Tan Malaka, Pahlawan Nasional yang Tidak Diperlakukan Secara Adil

Ibrahim Gelar Datuk Sutan Malaka atau Tan Malaka merupakan salah satu tokoh yang memiliki andil dalam kemerdekaan Indonesia. Semangat juang, gagasan dan pimikirannya ikut mewarnai gerakan perjuangan Indonesia.

Bahkan, di salah satu buku yang ia tulis dengan judul Naar de Republik Indonesia; ia mampu memberikan inspirasi bagi Ir. Soekarno, Moh. Hatta, Sutan Sjahrir, dan tokoh lainnya dalam usaha merebut kemerdekaan Indonesia dari tangan penjajah.

Oleh karena besarnya jasa Tan Malaka inilah, Ir. Soekarno menetapkan Tan Malaka sebagai pahlawan nasional pada 23 Maret 1963 dengan Keputusan Presiden No. 53 tahun 1963.
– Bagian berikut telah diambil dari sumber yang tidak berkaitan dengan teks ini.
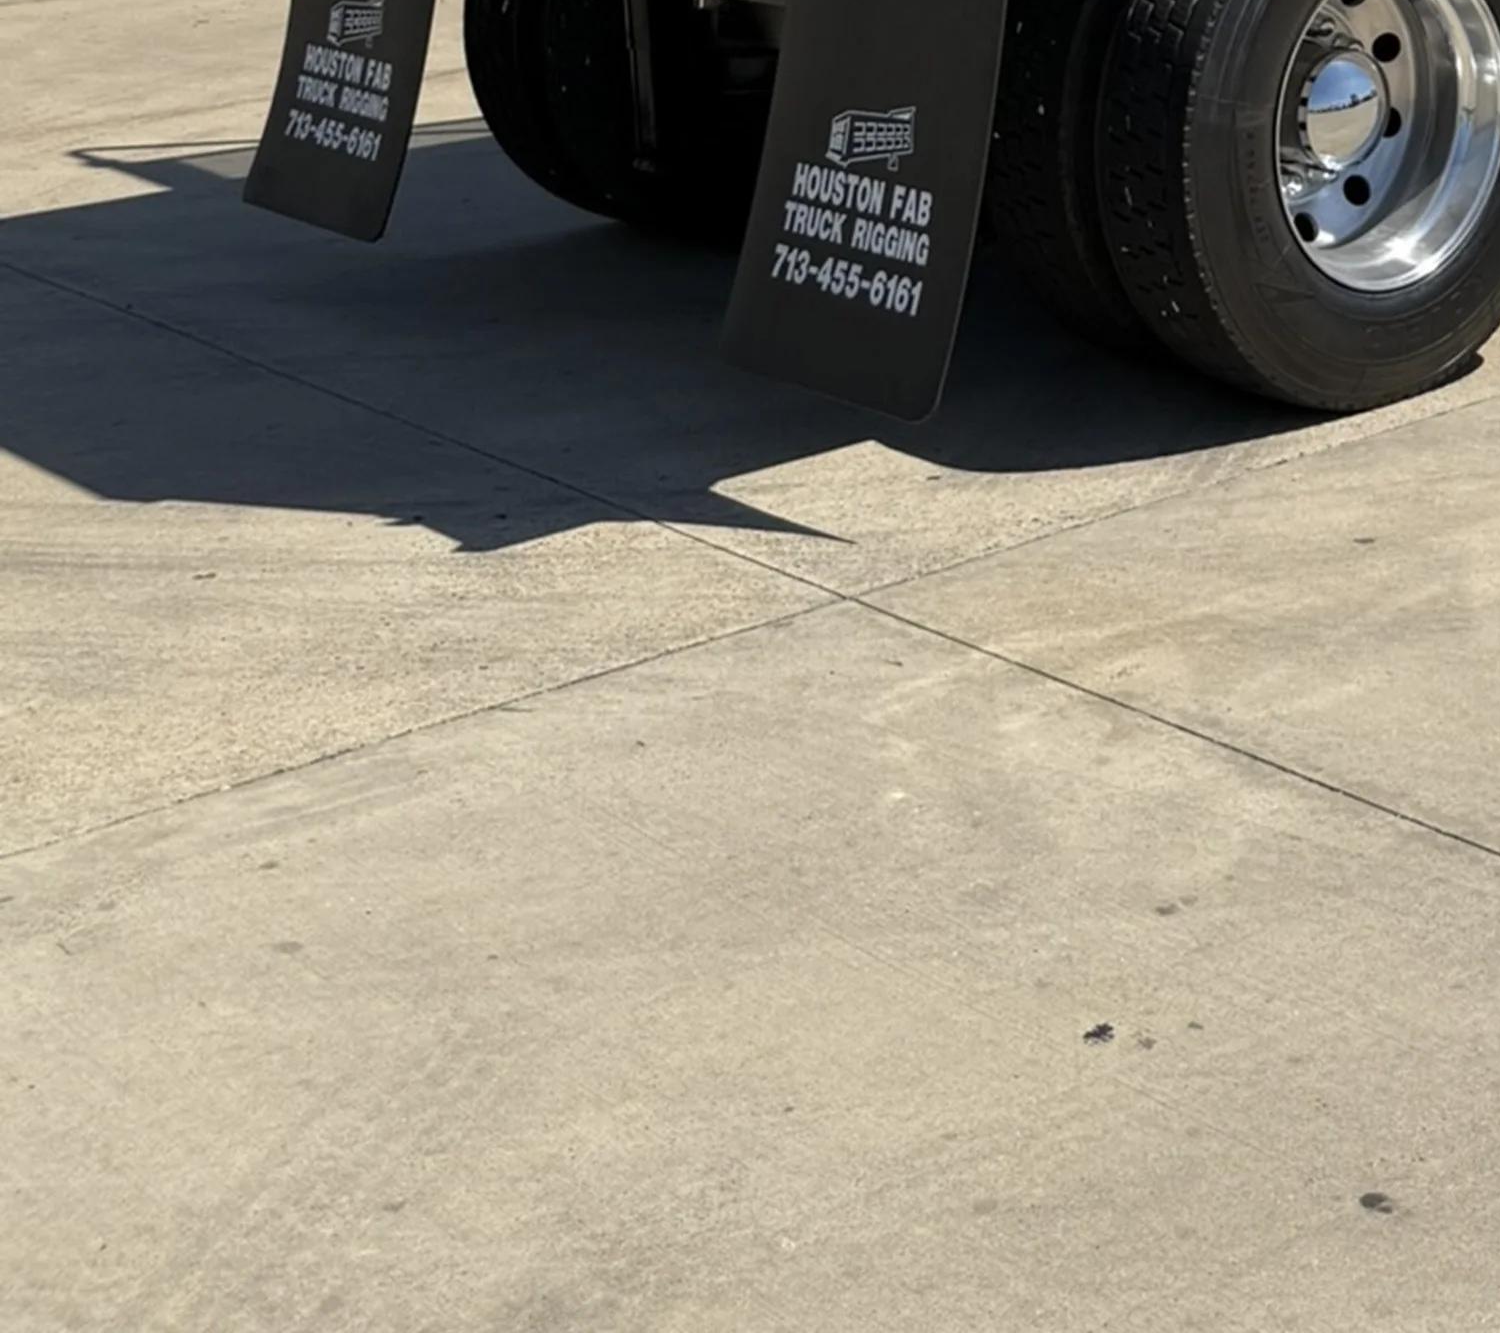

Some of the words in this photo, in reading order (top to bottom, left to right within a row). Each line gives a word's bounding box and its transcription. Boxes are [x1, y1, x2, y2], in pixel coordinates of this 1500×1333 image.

[303, 43, 364, 83] HOUSTON
[364, 58, 392, 91] FAB
[296, 75, 338, 107] TRUCK
[339, 86, 389, 122] RIGGING
[285, 109, 381, 161] 713-455-6161
[793, 163, 885, 215] HOUSTON
[890, 185, 932, 226] FAB
[784, 201, 846, 244] TRUCK
[851, 218, 930, 266] RIGGING
[772, 243, 922, 316] 713-455-6161
Meski secara resmi telah ditetapkan sebagai pahlawan nasional, namun namanya agaknya kurang populer dan jarang diperbincangkan dalam pembelajaran bangku sekolah. Nama Tan Malaka tidak ada pada teks buku pelajaran. Walhasil, banyak masyarakat yang kurang mengetahui tentang sosoknya, kisah hidup dan perjuangan yang telah ia lakukan untuk bangsa ini.

Stigma Atas Tan Malaka

Asal-muasalnya adalah adanya stigmatisasi buruk tentang Tan Malaka dan hubungannya dengan komunisme. Tan Malaka ia pernah terlibat dalam berbagai kegiatan yang berkaitan dengan jaringan komunisme. Ia juga tercatat sebagai pemimpin Partai Komunis Indonesia (PKI) hingga menjabat sebagai wakil komintern untuk wilayah Asia Tenggara.
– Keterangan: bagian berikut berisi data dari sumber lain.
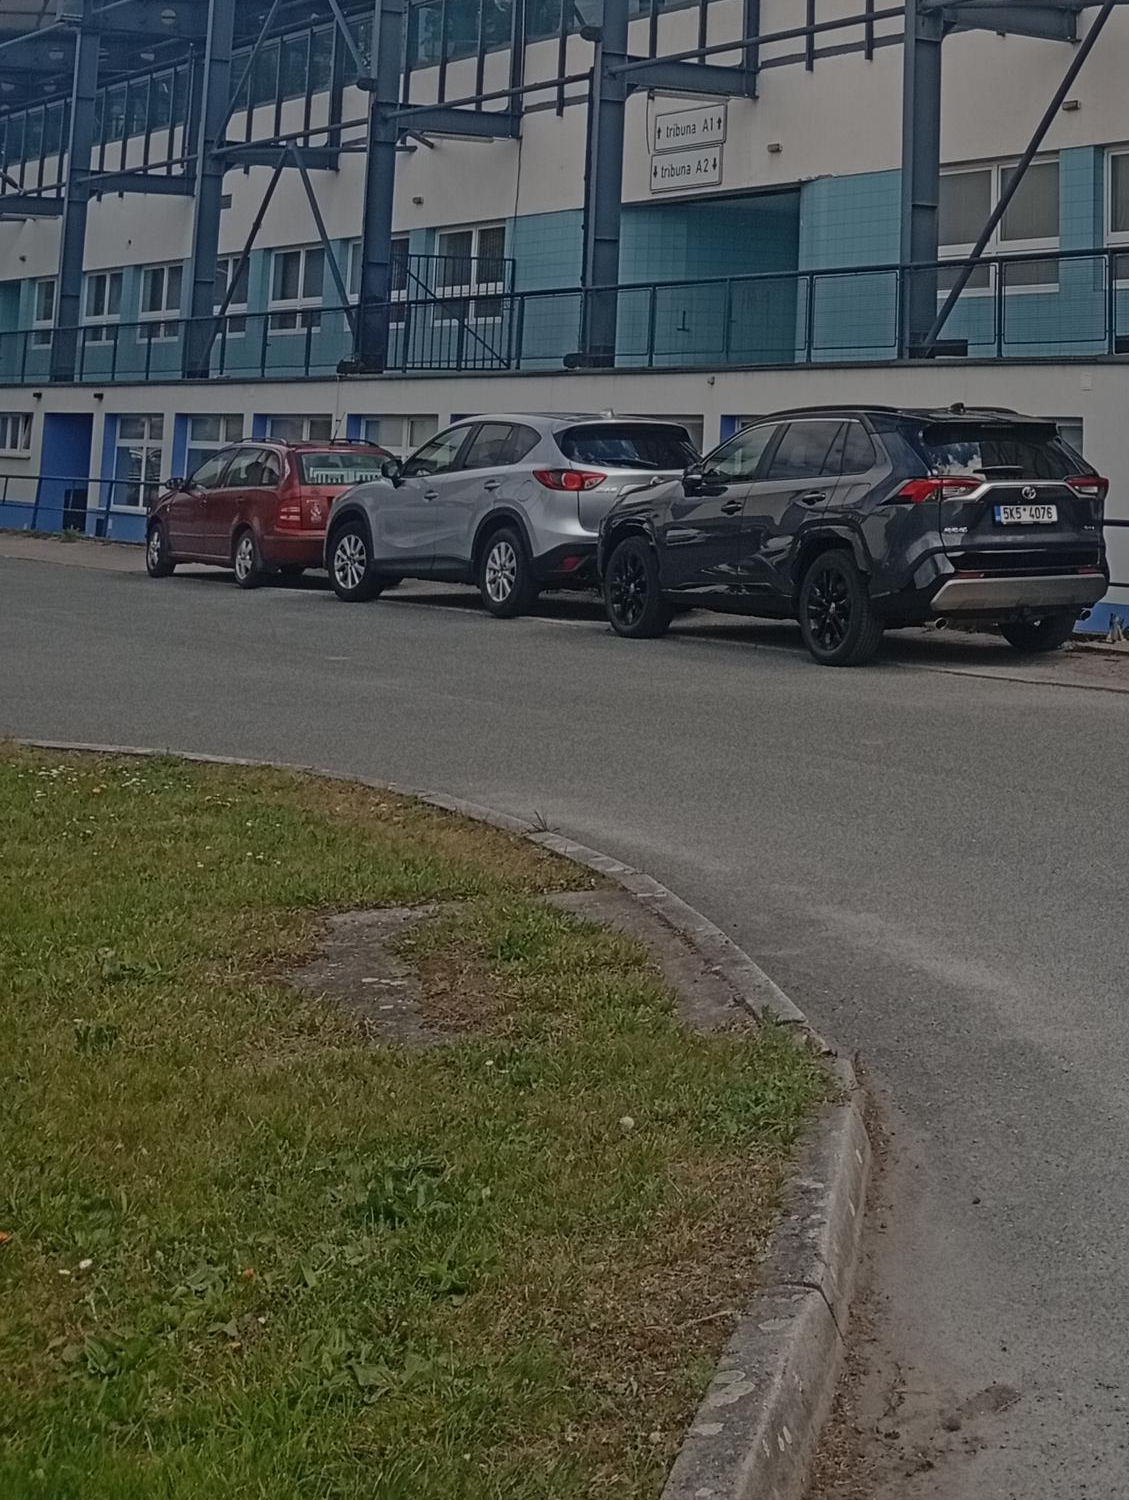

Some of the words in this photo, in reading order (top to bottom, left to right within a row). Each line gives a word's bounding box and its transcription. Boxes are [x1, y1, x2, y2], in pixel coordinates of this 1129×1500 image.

[666, 123, 696, 139] tribuna
[702, 117, 714, 133] A1
[661, 164, 691, 179] tribuna
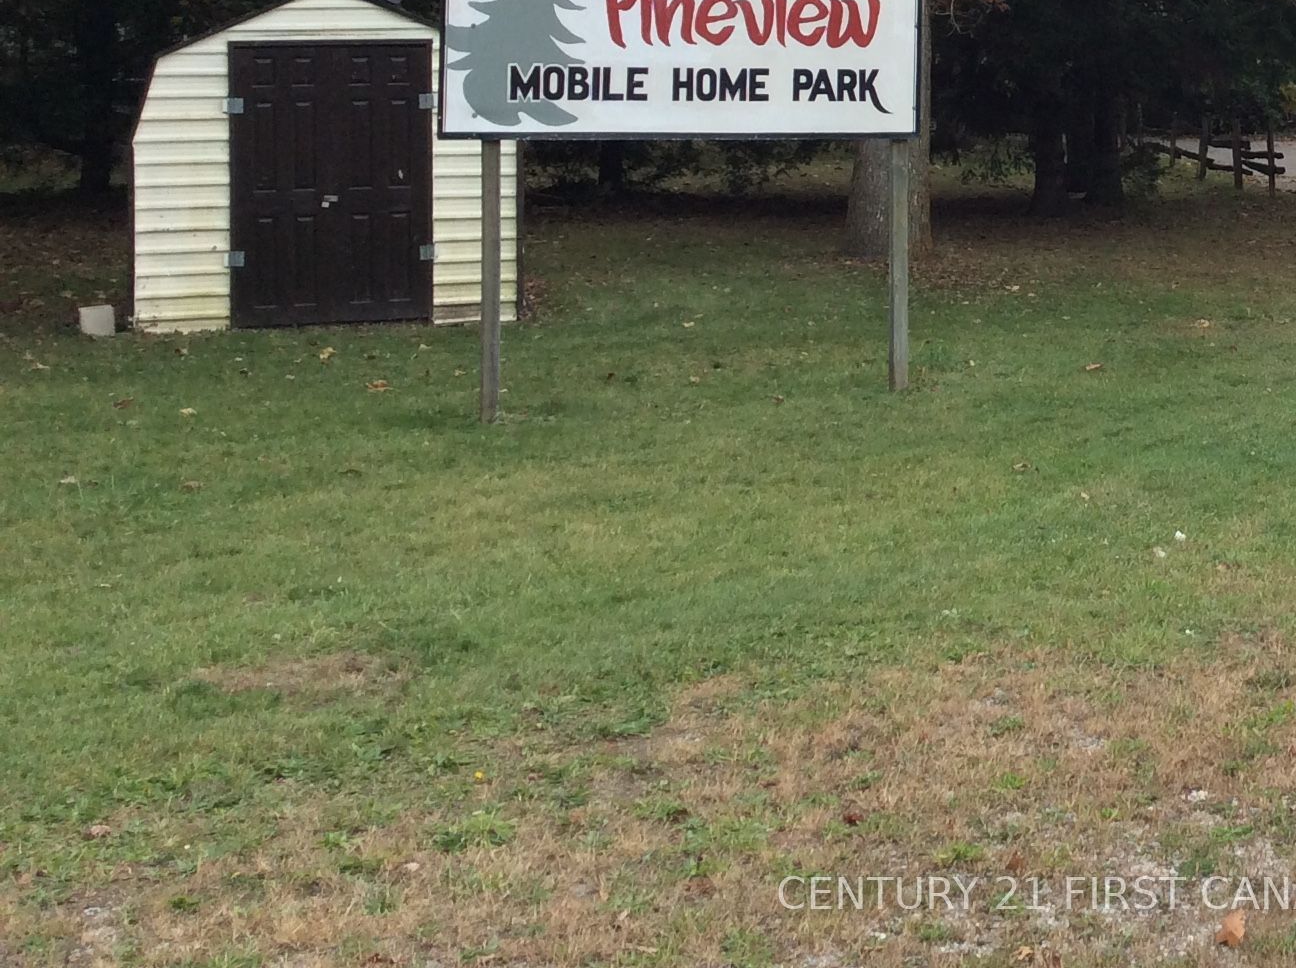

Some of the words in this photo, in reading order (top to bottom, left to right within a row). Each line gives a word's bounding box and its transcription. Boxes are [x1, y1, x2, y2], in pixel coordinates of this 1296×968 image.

[509, 65, 649, 102] MOBILE
[672, 67, 770, 102] HOME
[792, 67, 893, 115] PARK
Puncaknya yaitu sebagaimana dikatakan oleh sejarawan Anhar Gonggong, yang dikutip dari Tempo.co, penyebab bahwa Tan Malaka kurang dikenal karena kebijakan yang dilakukan oleh pemerintahan Soeharto. Sosok dan jejak pemikiran Tan Malaka dengan sengaja dihapus dari buku sejarah sekolah.
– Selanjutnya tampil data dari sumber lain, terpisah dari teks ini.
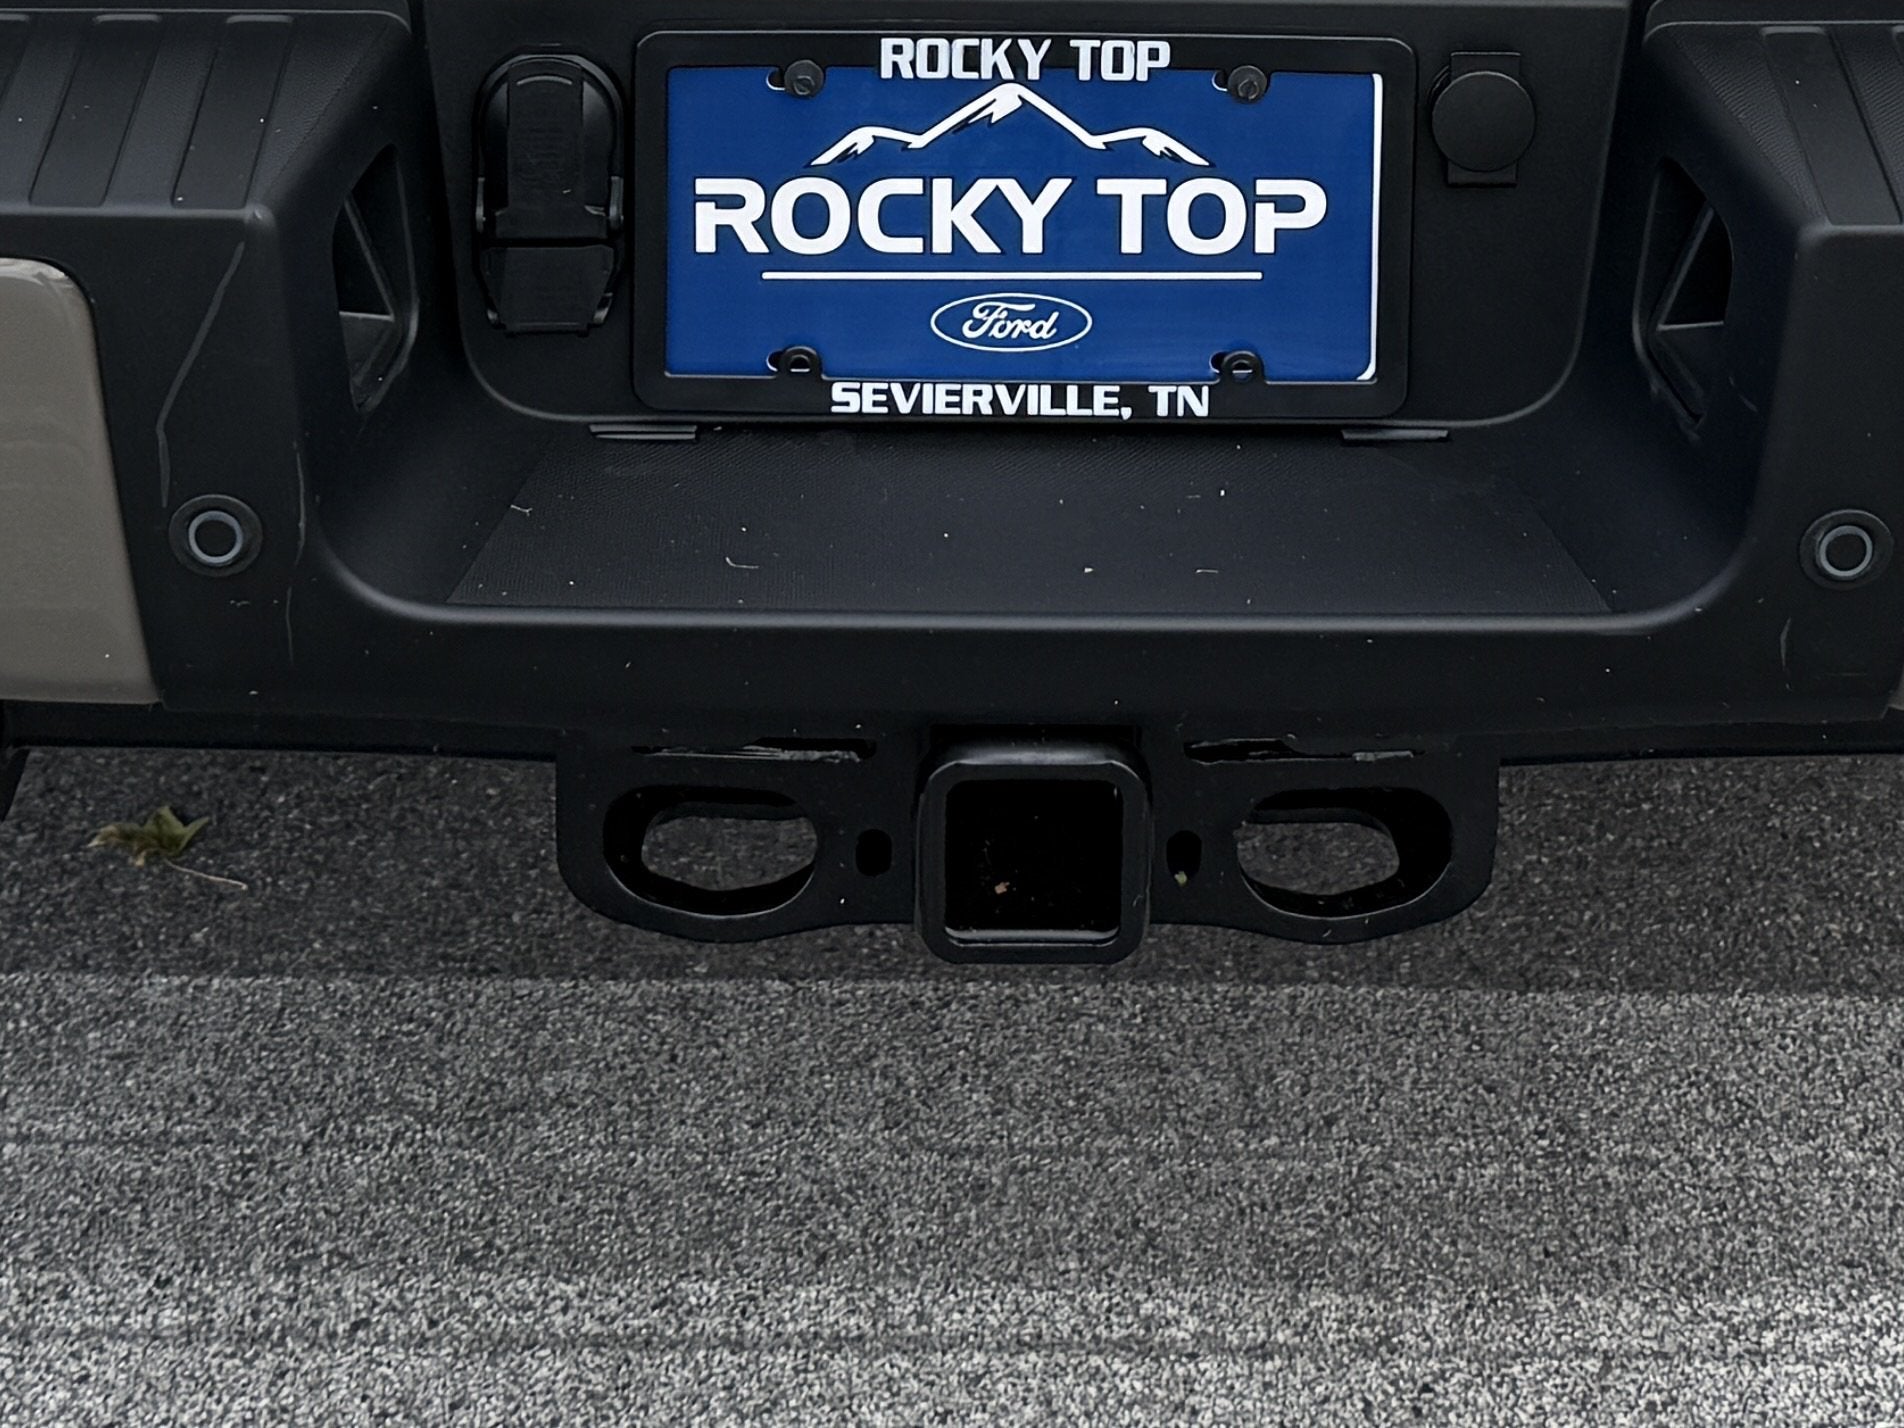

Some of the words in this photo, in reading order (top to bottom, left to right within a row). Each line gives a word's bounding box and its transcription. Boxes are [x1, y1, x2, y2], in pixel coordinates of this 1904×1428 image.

Buku-buku yang ia tulis dan pemikiran-pemikiran tentang dirinya juga dilarang beredar. Berikut juga penelitian ilmiah tentang dirinya juga selalu dihalang-halangi. Dalihnya adalah Tan Malaka dianggap sebagai antek komunis.

Namun, jika dihubung-hubungkan dengan PKI dan komunis, Tan Malaka justru sering kali dimusuhi dan tidak disukai oleh orang-orang yang ada di PKI. Pemikiran-pemikiran Tan Malaka terkait komunisme cenderung berbeda dan bersebrangan dengan kebanyakan orang yang menganut paham tersebut.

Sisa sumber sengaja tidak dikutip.